Pode soar como bravata, mas há bons argumentos para considerar o coronel Landa como a criação máxima de Tarantino. Trata-se de um vilão de história em quadrinhos surpreendentemente multifacetado: um sádico genial, um interrogador opressivamente educado, um poliglota hiperarticulado cuja destreza verbal é sua arma mais assustadora.
Brad Pitt, como o líder de uma brigada norte-americana de assassinos de nazistas, é o “bastardo-chefe” e o nome destacado nos cartazes, mas é Waltz, como notaram muitos críticos em Cannes, que domina o filme.
No que diz respeito a Waltz, 52, a meia-idade não é uma má hora para um marco na sua carreira. “Ajuda ter cumprido pena”, disse ele recentemente num jantar em Manhattan, referindo-se à sua carreira longa, repleta, mas não particularmente recompensadora em papéis secundários, especialmente na TV alemã.
Waltz admitiu que ficou inicialmente intrigado pelo roteiro de Tarantino, que tem cinco capítulos repletos de conversas sinuosas que serpenteiam por uma série de blefes, guinadas e jogos mentais. “Fiquei completamente perplexo com ele, tendo sido condicionado a essas estruturas numa fórmula em três atos”, afirmou ele. “E eu tinha à minha frente essa coisa que deixa tudo isso em frangalhos.” “Eu ficava me perguntando: como esse homem alcança tantas camadas de realidade?”, disse Waltz. E, então, ele apresentou uma analogia útil: “É como um quantum de luz, como ele pula de uma realidade para a seguinte, então batizei isso de ‘salto de Quentin’. É a física de Quentin”.

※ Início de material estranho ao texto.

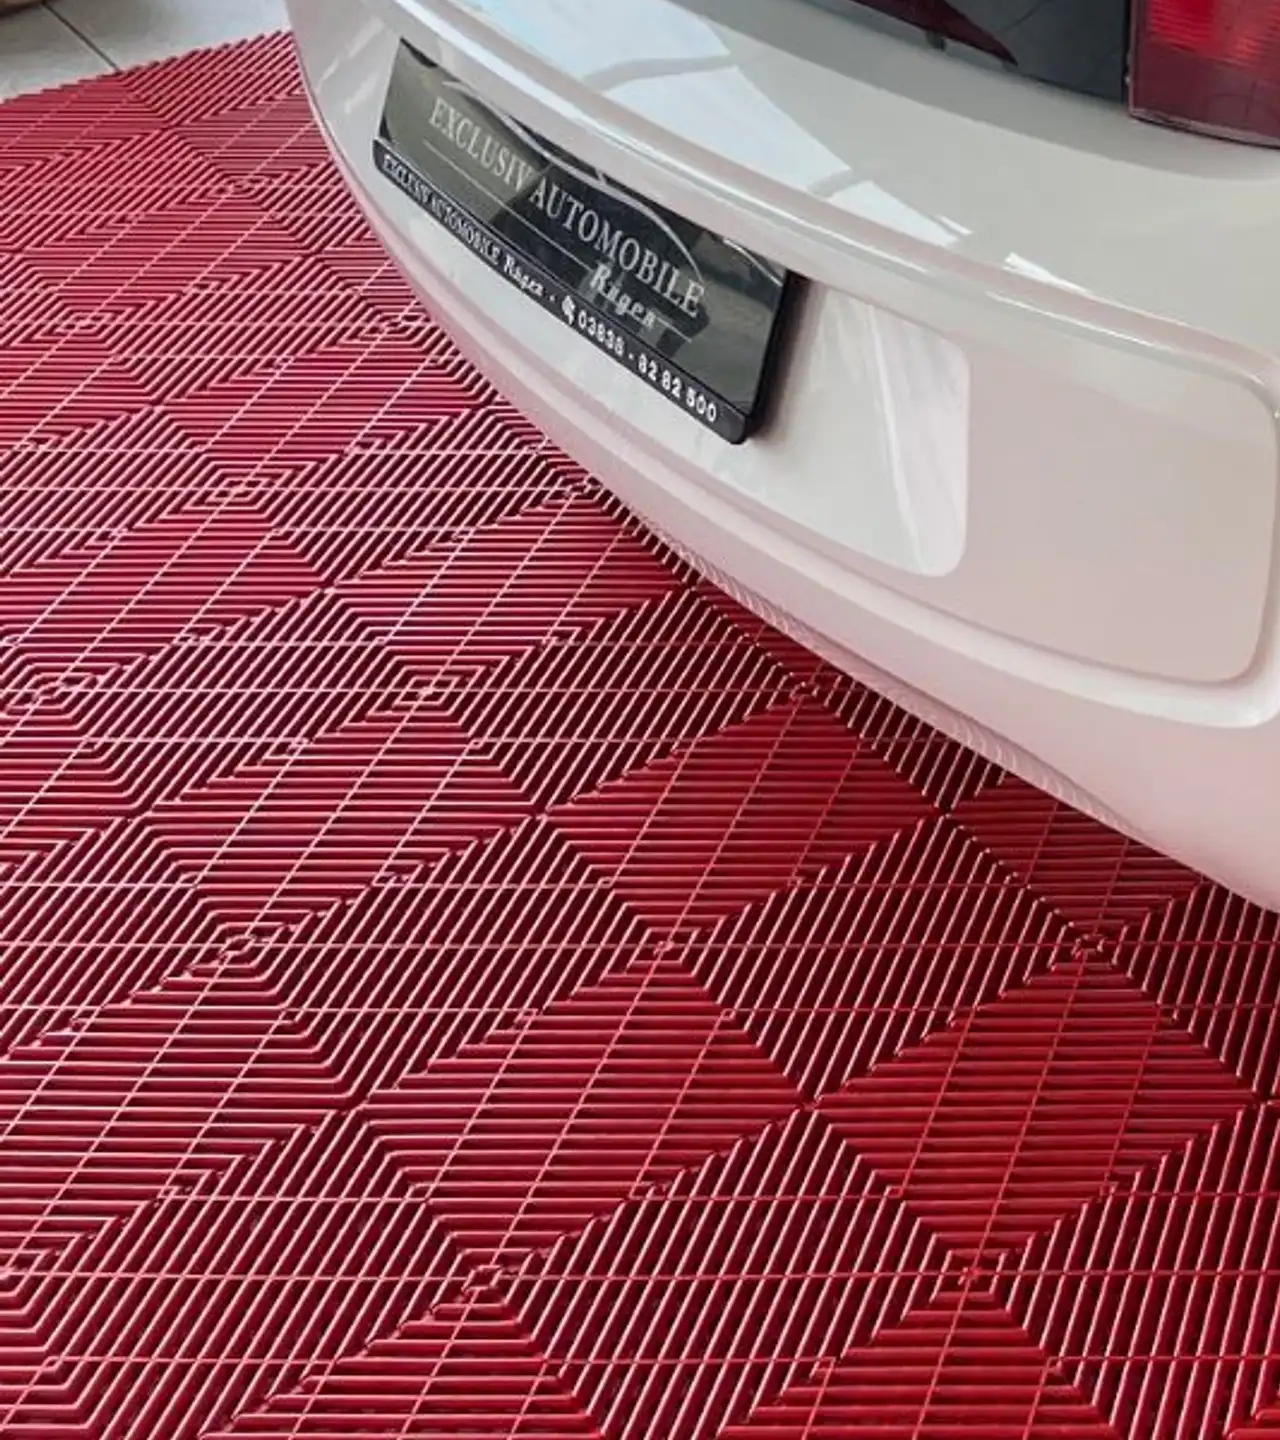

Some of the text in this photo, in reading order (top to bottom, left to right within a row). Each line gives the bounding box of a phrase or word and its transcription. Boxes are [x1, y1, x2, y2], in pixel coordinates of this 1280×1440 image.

Em Cannes, alguns questionaram o bom gosto de “Bastardos Inglórios”, uma violenta fantasia sobre a vingança que, como Tarantino colocou animadamente na entrevista coletiva, usa o poder do cinema para “derrubar o Terceiro Reich”.
Orgulhosamente criado como uma maluca história paralela, “Bastardos Inglórios” começa com uma invocação ao estilo dos contos de fadas: “Era uma vez… na França ocupada pelos nazistas”.
Mas Waltz disse que “‘era uma vez’ não significa que não se deve levar a sério, se você já leu ‘A Psicanálise dos Contos de Fadas’”, clássico estudo do psicanalista austríaco Bruno Bettelheim. “A questão não é transportar o mundo dos nazistas para o terreno do irreal, mas para o terreno dos nossos desejos e medos inconscientes”, acrescentou.
Se quisesse, Waltz provavelmente poderia enveredar por uma lucrativa carreira interpretando vilões europeus nos “thrillers” de Hollywood. Mas, como disse ele, “estou aberto a trabalhar em qualquer lugar, mas não em qualquer coisa”. Atualmente, ele se decide entre três roteiros. “Essa é a coisa boa disso tudo: ter escolhas”, disse.
Ao mesmo tempo, percebe que ficou mimado com sua experiência em “Bastardos”, que oferece a rara combinação de um diretor generoso e um papel desafiador. “Isso é a física de Quentin para você. Será difícil voltar à física regular dos corpos sólidos.”